Tomas Matthews, Concordia University, Montreal, Canada
Virginia Penhune, Concordia University, Montreal, Canada
Peter Vuust, Aarhus University and Royal Academy of Music, Denmark
Torben Lund, Center of Functionally Integrative Neuroscience, Aarhus, Denmark
When the music of Sister Sledge, Stevie Wonder or Missy Elliott comes on the radio, many of us find it hard to sit still, and may start tapping our feet, bobbing our heads or maybe even get up and dance. What is it about certain music that makes us want to move? And why does moving to the music feel so good?
Few musical contexts make the pleasurable effect of music more apparent than the dance club. Yet we still know little about the cognitive and neural mechanisms underlying the pleasurable desire to move to music, a sensation that is known as groove.

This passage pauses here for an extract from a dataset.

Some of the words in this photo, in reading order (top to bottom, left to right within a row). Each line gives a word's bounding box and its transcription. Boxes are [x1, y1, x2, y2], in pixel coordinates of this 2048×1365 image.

A prominent structural feature of groove-directed music (e.g. funk, soul, hip-hop, electronic dance music, disco, afrobeat, reggae, dancehall and jazz) is repeated syncopation. Syncopation is a form of rhythmic complexity where the notes fall off instead of on the beat, which is otherwise regular. Previous research has shown that intermediate levels of syncopation are the most effective in eliciting the sensation of groove – that is, we prefer rhythms that are neither too complex nor too simple, but instead have a perfect balance of on-beat and off-beat rhythmic phrasing. But it is not just the complexity of the rhythm that is important. For example, the complexity of the harmony can also affect the sensation of groove.

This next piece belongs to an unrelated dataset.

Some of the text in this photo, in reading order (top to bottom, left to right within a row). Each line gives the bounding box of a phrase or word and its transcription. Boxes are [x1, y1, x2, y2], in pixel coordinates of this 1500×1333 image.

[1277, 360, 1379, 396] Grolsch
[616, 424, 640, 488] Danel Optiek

In this study, we were interested in understanding how rhythmic syncopation and harmonic complexity interact in the sensation of groove, and how this interaction is reflected in the neural activity of the brain. In particular, we wanted to see how motor and reward networks in the brain were affected by groove. The motor network is responsible for planning, imagining and executing movements, while the reward network is crucial for experiencing pleasure and emotion. We focused specifically on a collection of regions called the Basal Ganglia, since these are known to be important for both movement and pleasure.
To test the effects of groove on the brain, we used brain imaging techniques (fMRI) to measure participants brain activity while they listened to rhythmic patterns varying in rhythmic syncopation and harmonic complexity. While in the scanner, listeners also rated their experience of wanting to move and pleasure in response to the patterns.

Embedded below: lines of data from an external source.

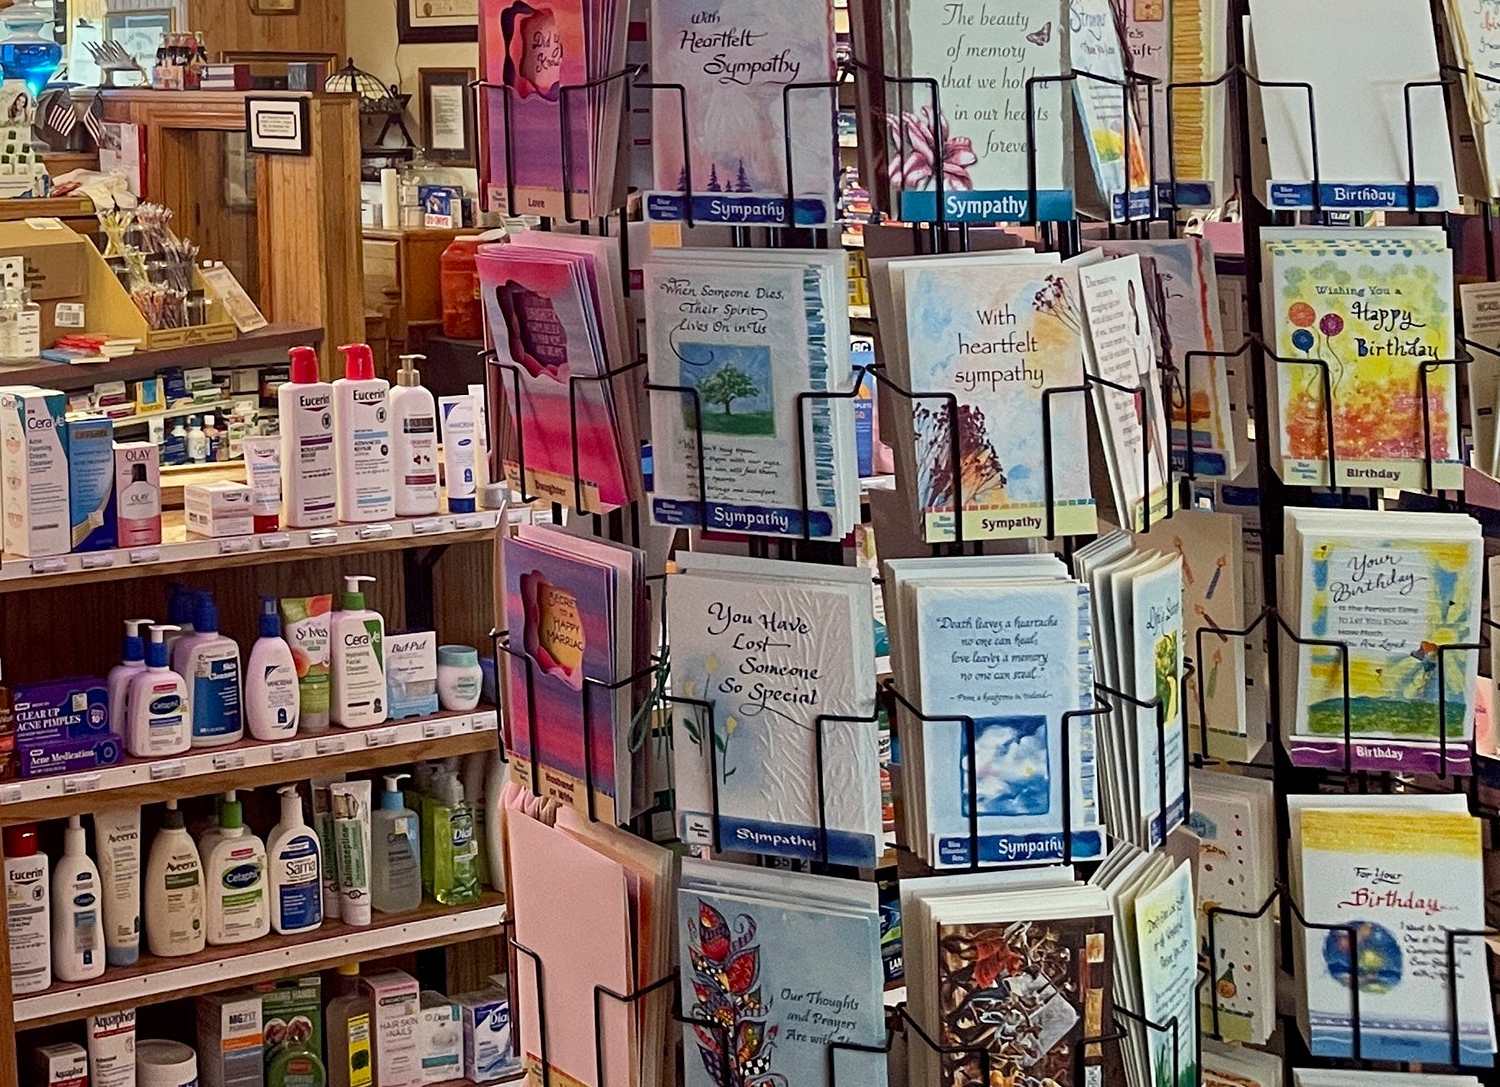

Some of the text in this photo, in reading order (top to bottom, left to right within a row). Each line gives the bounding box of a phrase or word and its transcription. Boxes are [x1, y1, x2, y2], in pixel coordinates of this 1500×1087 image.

[690, 10, 722, 25] With
[941, 2, 1031, 29] The beauty
[678, 28, 770, 52] Heartfelt
[946, 35, 1027, 63] of memory
[702, 48, 801, 87] Sympathy
[941, 67, 972, 90] that
[976, 75, 997, 90] we
[954, 98, 1050, 122] in our heats
[527, 197, 546, 210] Love
[1333, 186, 1397, 207] Birthday
[709, 200, 786, 223] Sympathy
[945, 195, 1029, 220] Sympathy
[659, 277, 698, 300] When
[700, 284, 751, 301] Someone
[1314, 285, 1403, 297] Wishing You a
[678, 301, 769, 322] Their Spirit
[975, 303, 1017, 326] With
[1349, 300, 1427, 333] Happy
[674, 319, 768, 336] Lives On in Us
[957, 330, 1039, 355] heartfelt
[1353, 336, 1440, 374] Birthday
[954, 362, 1045, 393] sympathy
[300, 394, 331, 407] Eucerin
[352, 388, 387, 401] Eucerin
[27, 415, 66, 430] CeraVe
[125, 449, 151, 461] OLAY
[1346, 466, 1402, 481] Birthday
[534, 479, 567, 497] Daughter
[714, 506, 789, 533] Sympathy
[981, 515, 1043, 532] Sympathy
[1347, 554, 1404, 583] Your
[1329, 568, 1428, 604] Birthday
[553, 617, 581, 634] HAPPY
[706, 600, 812, 636] You Have
[974, 616, 1004, 634] leaves
[1004, 619, 1012, 629] a
[1013, 613, 1059, 629] heartache
[308, 626, 329, 638] Ives
[344, 632, 382, 647] CeraVe
[731, 632, 792, 653] Lost
[960, 637, 974, 647] no
[975, 636, 993, 648] one
[994, 637, 1012, 647] can
[738, 656, 824, 681] Someone
[951, 650, 971, 664] love
[972, 650, 1001, 669] leaves
[1002, 653, 1010, 663] a
[960, 672, 973, 682] no
[975, 672, 992, 681] one
[993, 672, 1012, 681] can
[718, 676, 820, 717] So Special
[16, 707, 61, 722] CLEAR UP
[16, 713, 82, 732] ACNE PIMPLES
[30, 749, 95, 765] Acne Medication
[1356, 745, 1405, 762] Birthday
[107, 832, 139, 844] Aveeno
[453, 827, 472, 843] Dial
[736, 827, 818, 851] Sympathy
[997, 837, 1066, 863] Sympathy
[9, 868, 44, 881] Eucerin
[165, 860, 198, 872] Aveeno
[285, 860, 317, 877] Sarna
[1353, 866, 1403, 885] For Your
[780, 987, 860, 1015] Our Thoughts
[93, 1011, 135, 1030] Aquaphor
[786, 1008, 857, 1034] and Prayers
[785, 1028, 833, 1046] Are with
[54, 1067, 84, 1080] Aquaphor

We found that both motor and reward areas networks were activated during medium levels of rhythmic and harmonic complexity, which were also rated as eliciting the most wanting to move and the most pleasure. Furthermore, there was an interaction between rhythmic syncopation and harmonic complexity in parts of the Basal Ganglia, suggesting that this region may be an important area where body-movement and pleasure is integrated during the sensation of groove. Specifically, activity in the region increased when medium rhythmic syncopation was combined with medium harmonic complexity. This interaction was especially prominent for the musicians taking part in the study, indicating that listeners’ previous experience with music affects their neural responses
The study provides new evidence for how motor and reward processes intersect during musical experiences, and contributes to our understanding of how and why certain music makes people want to move. The work could also have therapeutic applications, especially for therapies treating motor dysfunctions, such as Parkinson’s Disease. If groove integrates motor and reward processing, then perhaps groove can provide a more motivating and rewarding context for treating motor symptoms than traditional music therapies.